The community needs assessment survey data were used to analyze the differences between adults who were within or not within CRC screening guidelines and who received or did not receive a doctor’s recommendation for CRC screening. A doctor’s recommendation for CRC screening was determined by self-report and screening within guidelines was determined by the self-report of a CRC screening test completed within ACS recommended guidelines. The ACS CRC screening guidelines recommend a Fecal Occult Blood Test (FOBT) annually, a flexible sigmoidoscopy (FS) every 5 years, or a colonoscopy every 10 years (American Cancer Society, 2008).

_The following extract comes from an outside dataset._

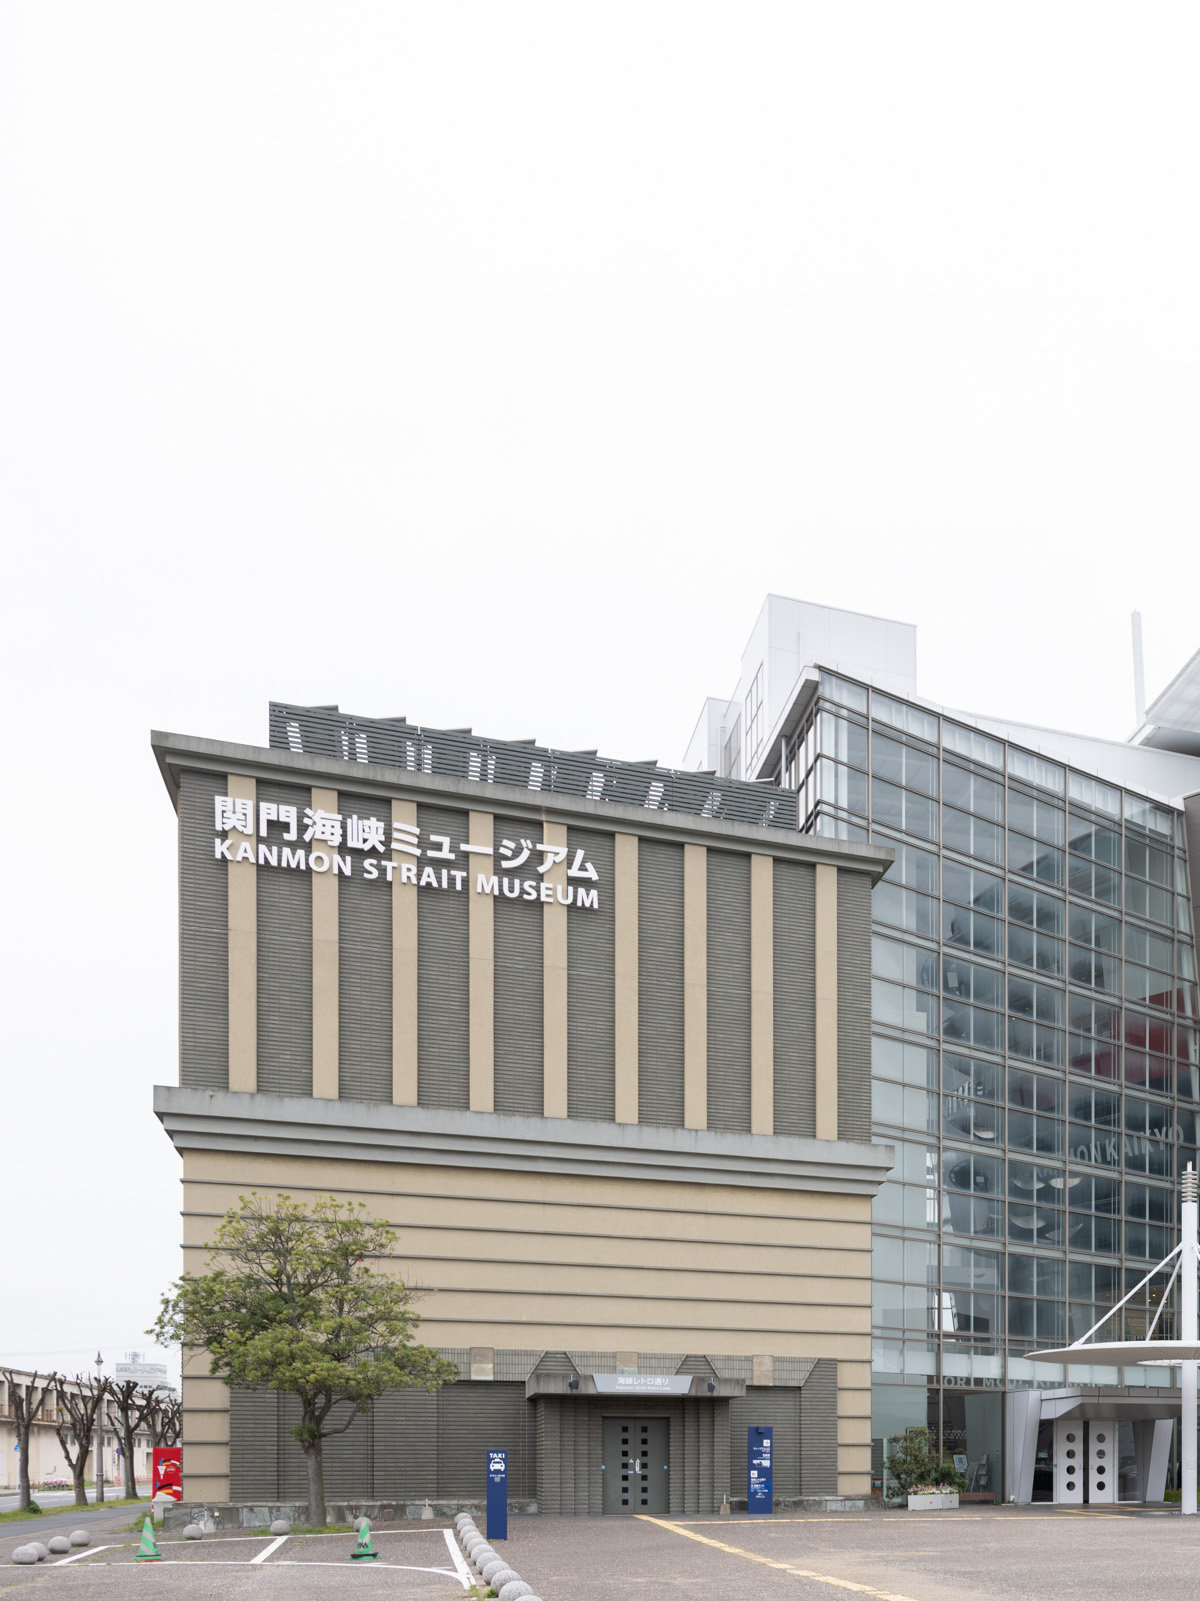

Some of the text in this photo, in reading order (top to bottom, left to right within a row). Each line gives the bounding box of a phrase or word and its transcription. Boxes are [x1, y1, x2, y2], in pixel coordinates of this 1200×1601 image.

[213, 795, 600, 881] 関門海峡ミュージアム
[213, 837, 600, 909] KANMON STRAIT MUSEUM

Participants within and not within CRC screening guidelines were compared on demographic factors, CRC and CRC screening knowledge, and CRC screening barriers.

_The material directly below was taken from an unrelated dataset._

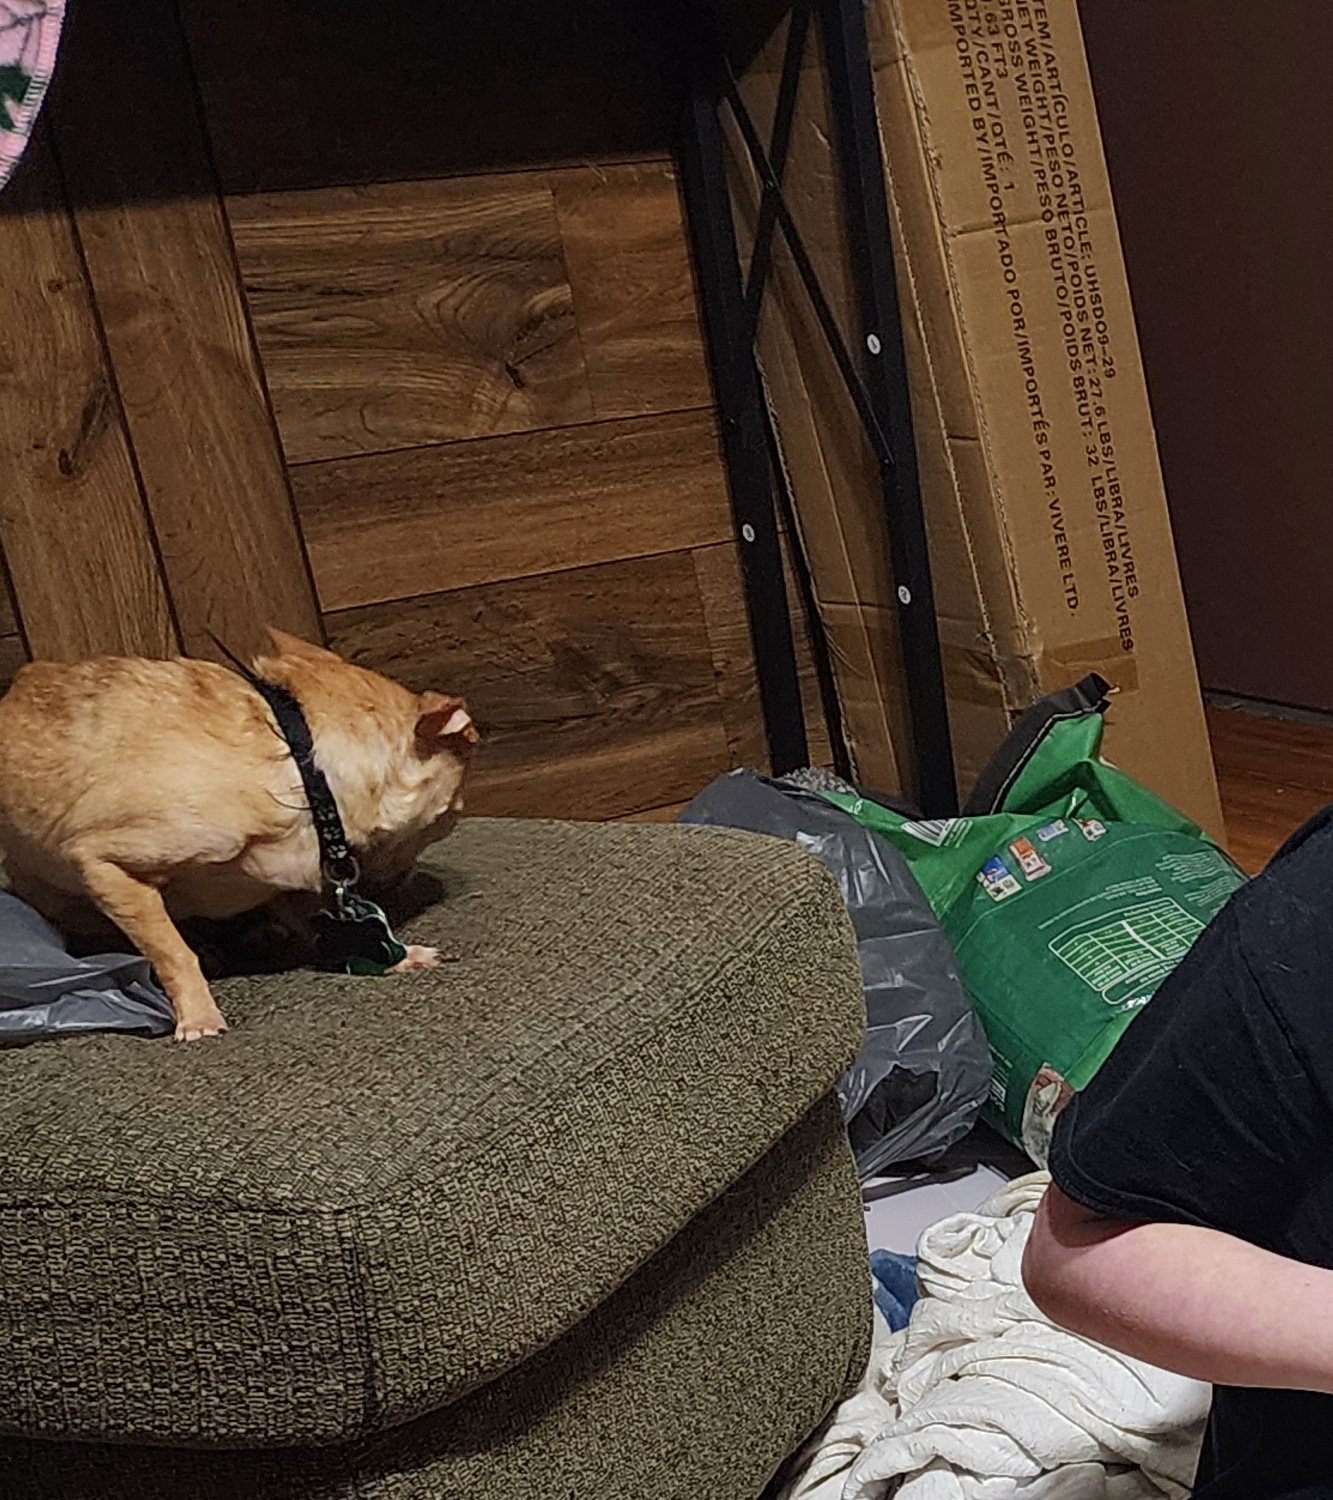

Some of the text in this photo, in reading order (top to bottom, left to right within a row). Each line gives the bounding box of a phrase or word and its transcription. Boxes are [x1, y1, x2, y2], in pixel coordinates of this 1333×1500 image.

Demographic information included: gender (female/male), age (50–59/60–69/70+ years), marital status (separated, divorced, widowed, never married/married, living together), education (<high school graduate/high School graduate+), household income (<county median/≥county median), work status (unemployed, retired, disabled, part-time/full-time), health insurance (no/yes), doctor recommendation for FOBT, FS, or colonoscopy (no/yes), and CRC knowledge (inadequate/ adequate). Individuals were determined to be at average-risk or high-risk (any of the following: personal history of polyps or CRC, or family history of CRC) for CRC.

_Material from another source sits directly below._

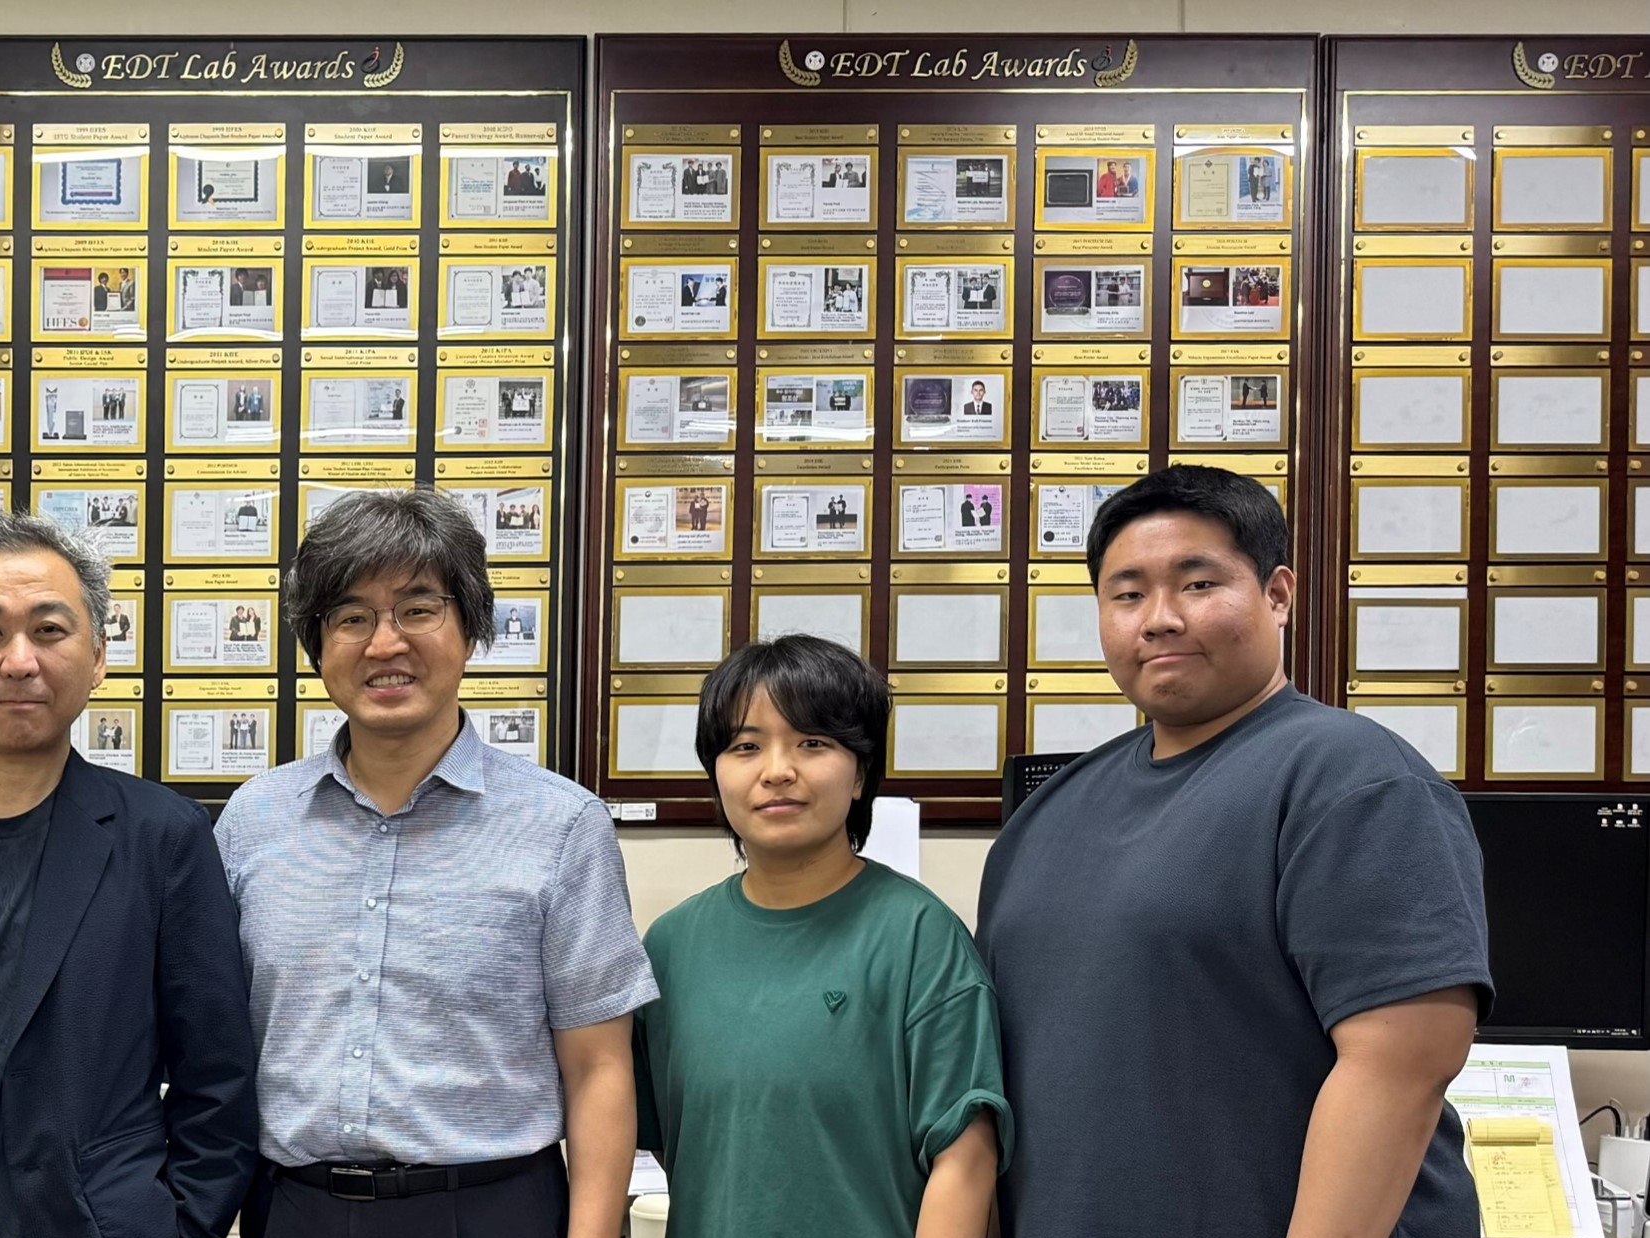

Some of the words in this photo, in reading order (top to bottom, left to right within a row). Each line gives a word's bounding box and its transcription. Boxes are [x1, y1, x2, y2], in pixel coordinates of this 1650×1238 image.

Knowledge of CRC was assessed using ten true-false items based on the Centers for Disease Control Screen For Life Campaign and the strategic plan of the National Colorectal Cancer Roundtable (Centers for Disease Control, 2008; Levin et al., 2002). A response was considered incorrect if answered incorrectly, left blank, or marked “Do not know.” If the participants answered at least 7 of the 10 items correctly, they were categorized as having adequate CRC knowledge. Participants had inadequate CRC knowledge if they answered less than seven items correctly.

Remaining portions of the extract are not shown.